L’opposition a contesté le vote, qui n’aurait pas, selon elle, recueilli de majorité absolue. « Quarante-huit députés ébranlent toute une Nation et ses us et coutumes » a déclaré un député hostile, qui a réclamé un second vote. Le Sénat doit encore voter le texte – porté par le Premier ministre – pour qu’il puisse entrer en application. Contrairement à de nombreux pays voisins où des lois héritées de la colonisation punissent durement les relations entre personnes de même sexe, le Gabon, depuis 1960, n’interdisait pas l’homosexualité.
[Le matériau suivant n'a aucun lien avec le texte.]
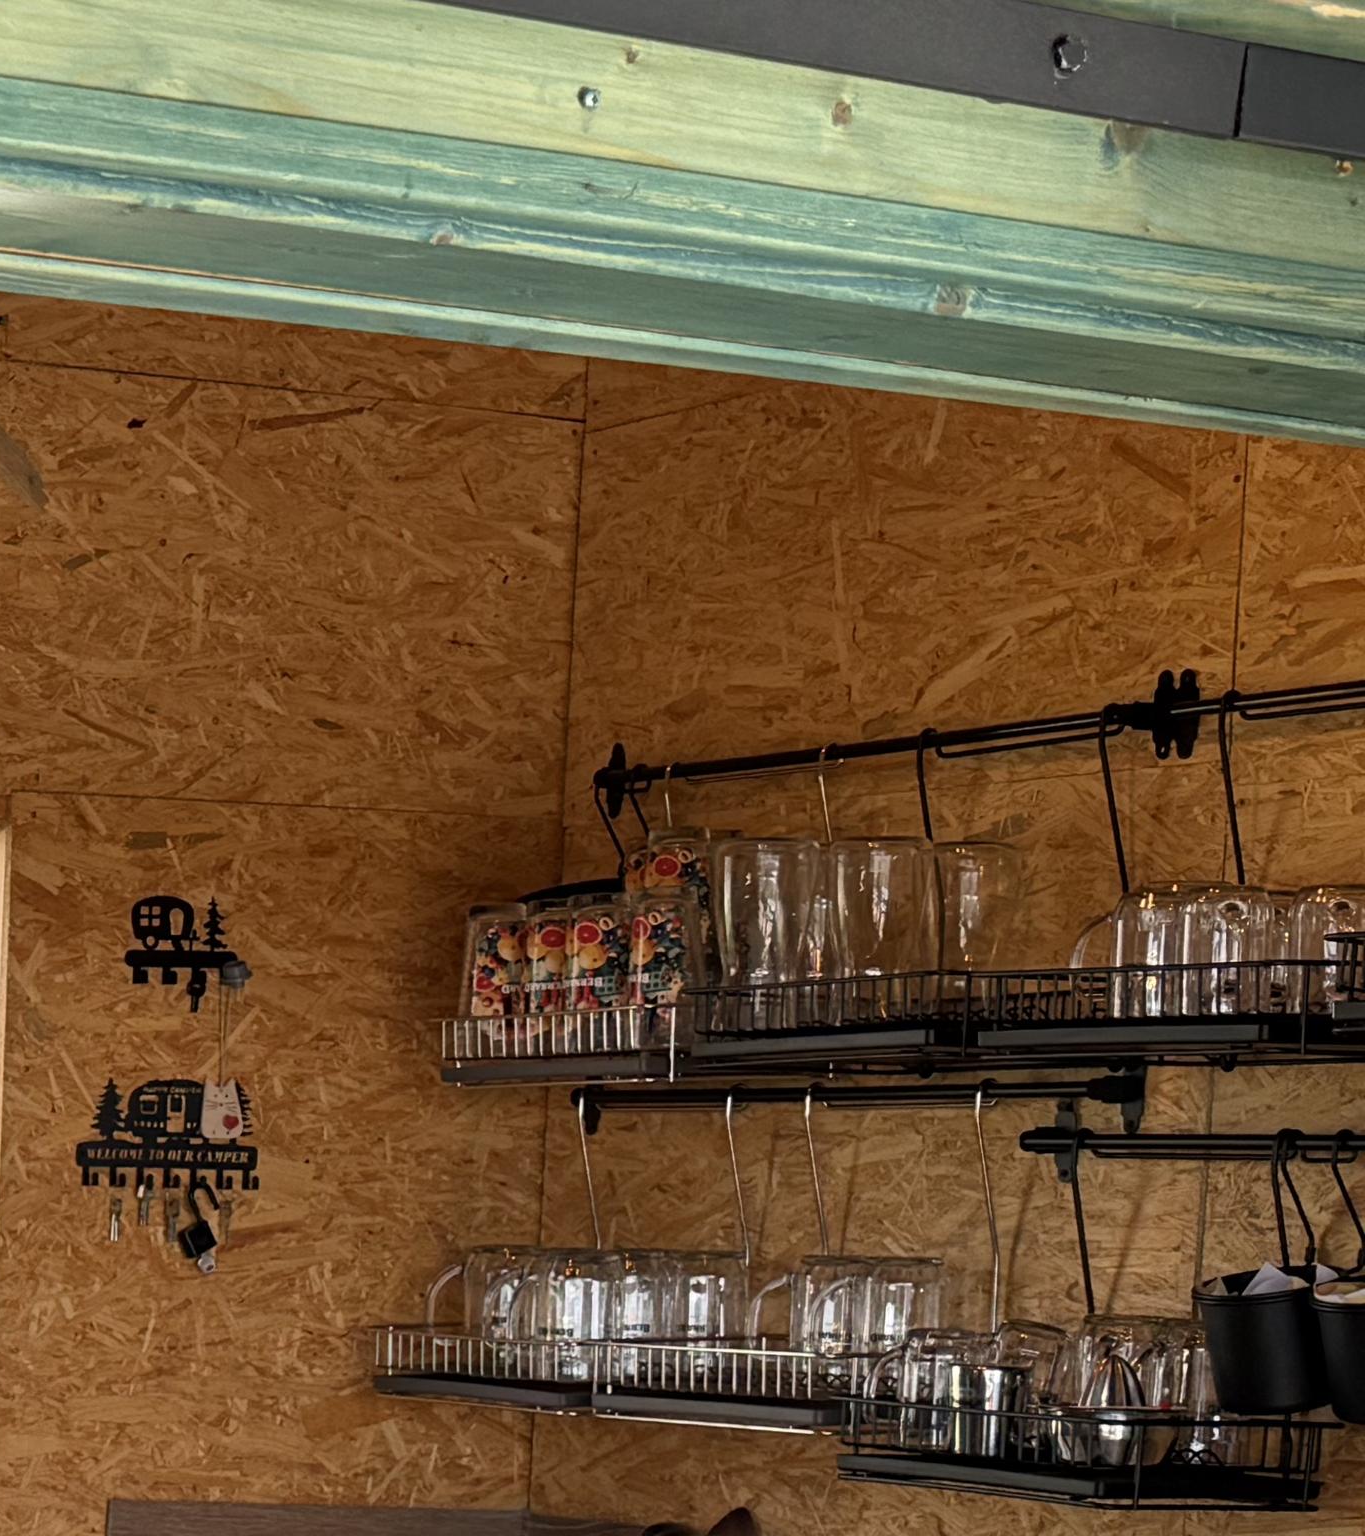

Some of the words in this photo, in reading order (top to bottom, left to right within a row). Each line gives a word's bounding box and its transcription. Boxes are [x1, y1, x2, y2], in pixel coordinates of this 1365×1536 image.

En juillet 2019, le Parlement a donc voté une loi –intégrée au Code pénal en octobre– qui prévoit que les relations entre personnes de même sexe pourront désormais faire l’objet d’une condamnation jusqu’à six mois de prison ainsi qu’une amende de 5 millions de francs CFA, soit 7.621 euros. L’homosexualité y est encore largement considérée comme tabou et le mariage reste interdit.

La situation en Afrique subsaharienne

Selon le dernier rapport de l’Association Internationale des personnes Lesbiennes, Gays, Bisexuelles, Trans et Intersexes (Ilga), 70 pays (dont le Gabon) pénalisent encore l’homosexualité dont 32 en Afrique. Six pays imposent même la peine de mort, et dans cinq, elle est techniquement possible.

Ces dernières années, le Bostwana, l’Angola, le Mozambique et les Seychelles ont autorisé les relations homosexuelles. Mais au Tchad, au Nigeria ou au Burundi, les législations ont LGBTphobes ont été renforcées.